The two of us stare in silence at the pale thing, raised like a warning finger. I can see the white belly between Jan’s dropped trousers and his pulled-up vest, a white, vulnerable belly. Jan’s prick looks strange, hard and straight with a shiny red rim on top. I wonder if it hurts and give a loud, convulsive swallow.

‘They say you’ve got to push and pull.’ Jan has suddenly become communicative. ‘It works if you do that.’ He begins to tug violently at the swollen thing. I have the feeling that I have ceased to exist, and turn away. What is he doing, what is the matter with him? I feel sorry for him. Is he ill, does he often go on like this? I press my forehead against the ground and inhale the sourish smell of the grass. What exactly was he trying to do? ‘It works if you push and pull,’ the words shoot through my head. What works? He has a secret he won’t tell me, won’t share with me because he thinks I am too childish, because I piss in my bed. When I turn back to him, Jan is standing up, tucking his shirt into his trousers. He holds a hand out to me and pulls me to my feet. ‘Let’s go.’

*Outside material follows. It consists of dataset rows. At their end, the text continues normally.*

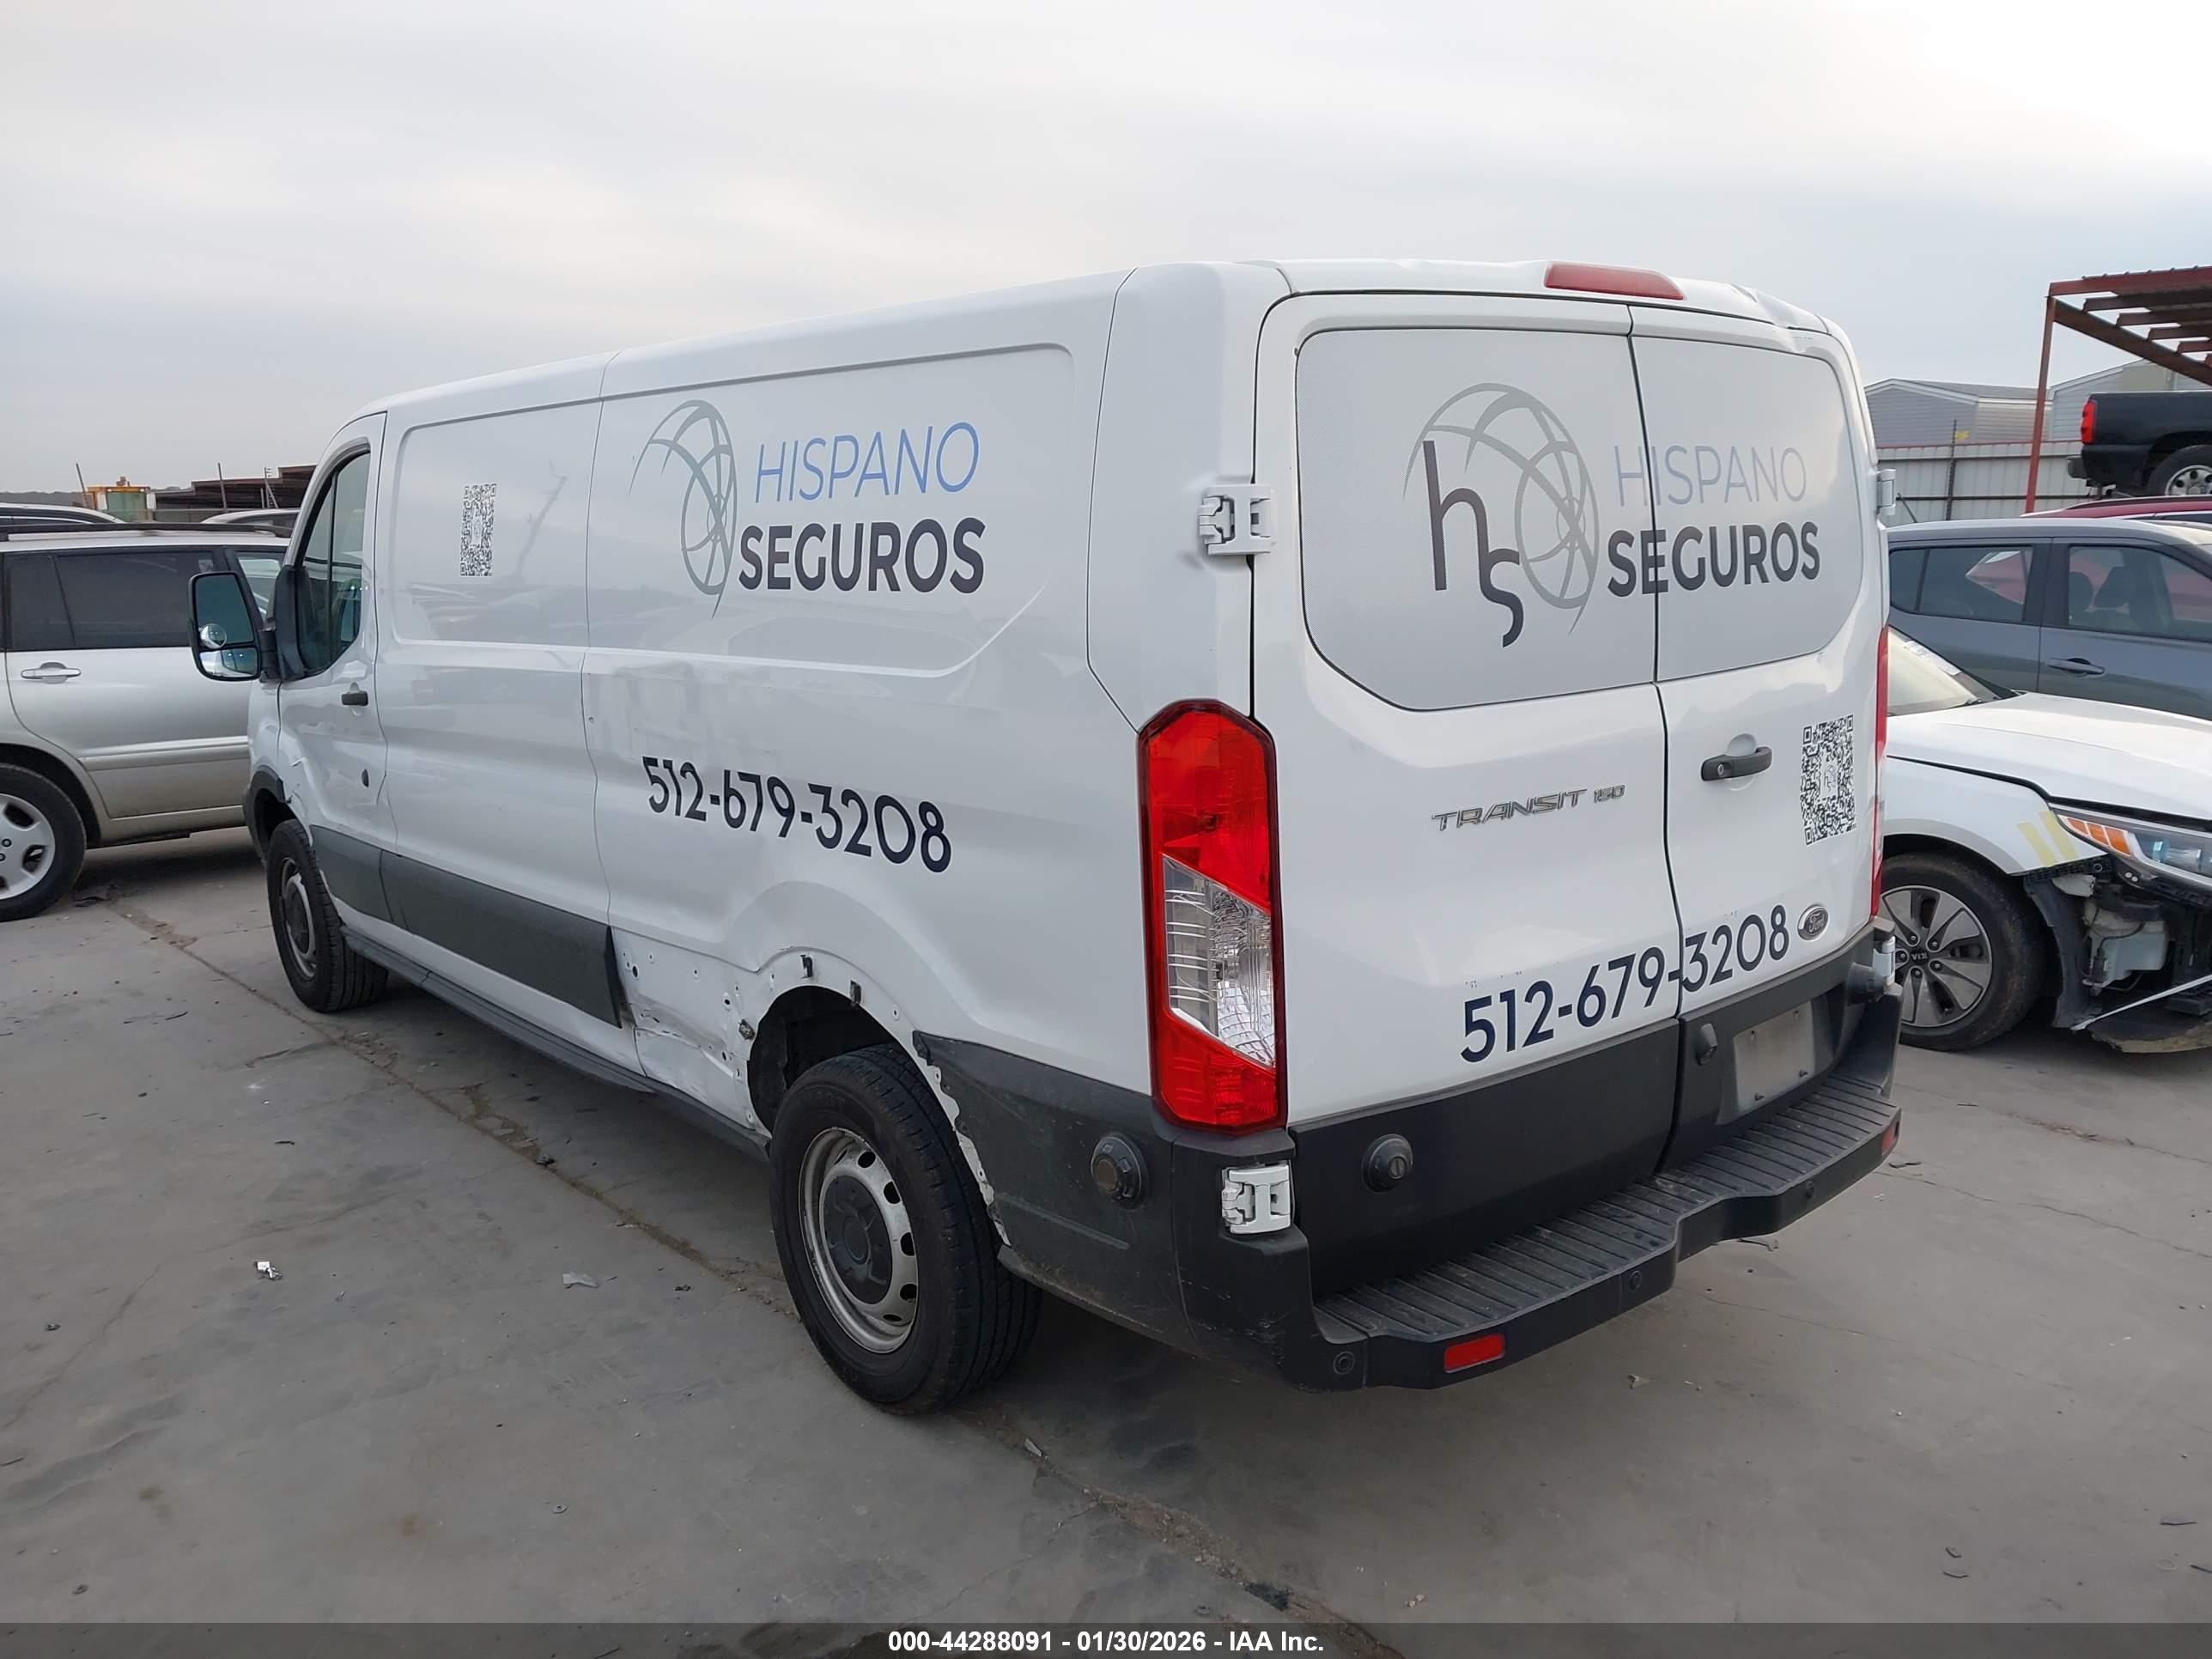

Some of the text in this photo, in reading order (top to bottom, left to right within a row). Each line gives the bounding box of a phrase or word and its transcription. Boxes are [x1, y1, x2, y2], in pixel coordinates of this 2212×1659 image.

[756, 422, 979, 503] HISPANO
[1614, 445, 1807, 507] HISPANO
[739, 518, 986, 593] SEGUROS
[1607, 521, 1820, 598] SEGUROS
[642, 757, 952, 873] 512-679-3208
[1431, 788, 1588, 831] TRANSIT
[1460, 904, 1790, 1063] 512-679-3208
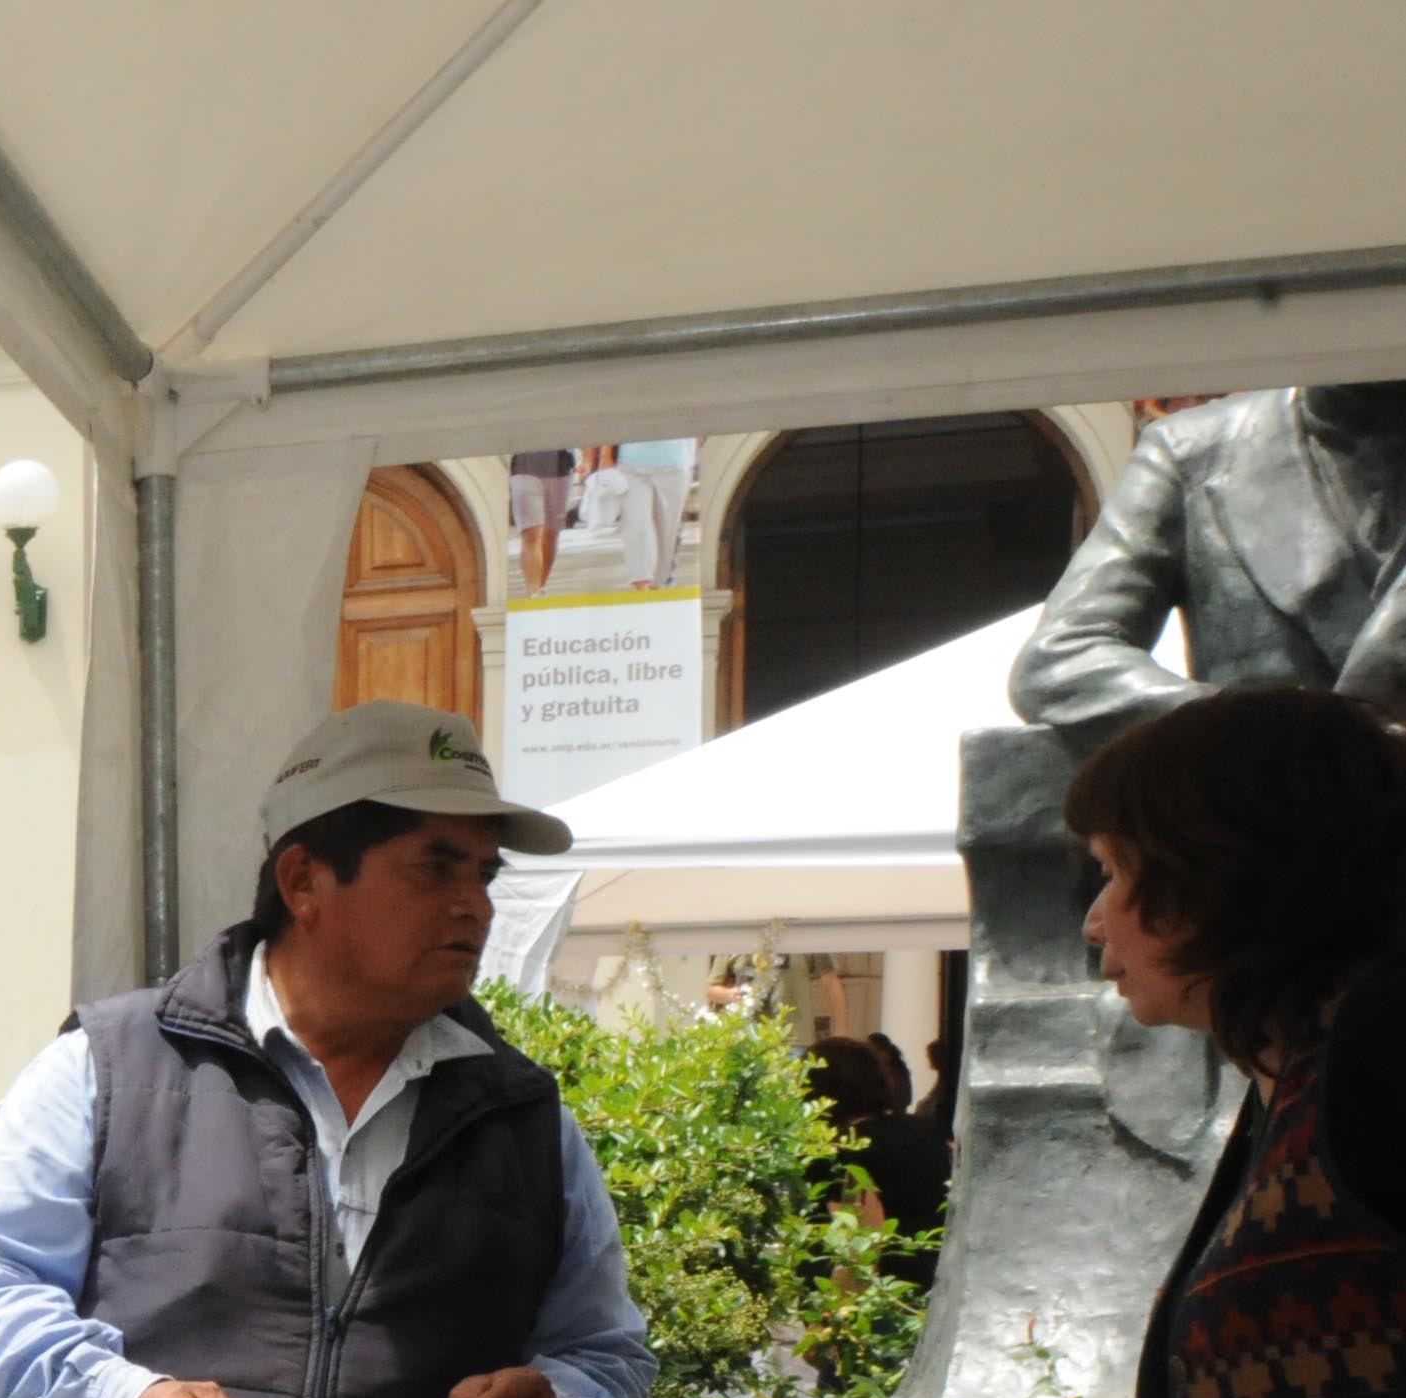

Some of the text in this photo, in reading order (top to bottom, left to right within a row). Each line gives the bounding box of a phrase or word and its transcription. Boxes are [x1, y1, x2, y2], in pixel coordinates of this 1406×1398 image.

[522, 630, 651, 657] Educación
[522, 661, 684, 692] pública, libre
[521, 695, 640, 723] y gratuita

We trudge up the Cliff. There is no sign of the secret – Jan is his normal, easy-going self.

‘Have you heard anything from home?’

I did get a letter from Amsterdam. Mummy was back, my father had written, and all was well. Was I having a good time, was I staying with nice people? The lady with whom I lived had written to say that I had wet my bed. How had that come about, when I hadn’t done that at home for such a long time? And best regards to Jan, it was nice that we lived so close together. We ought to be pleased that we were away in Friesland because there was hardly anything left to eat in Amsterdam.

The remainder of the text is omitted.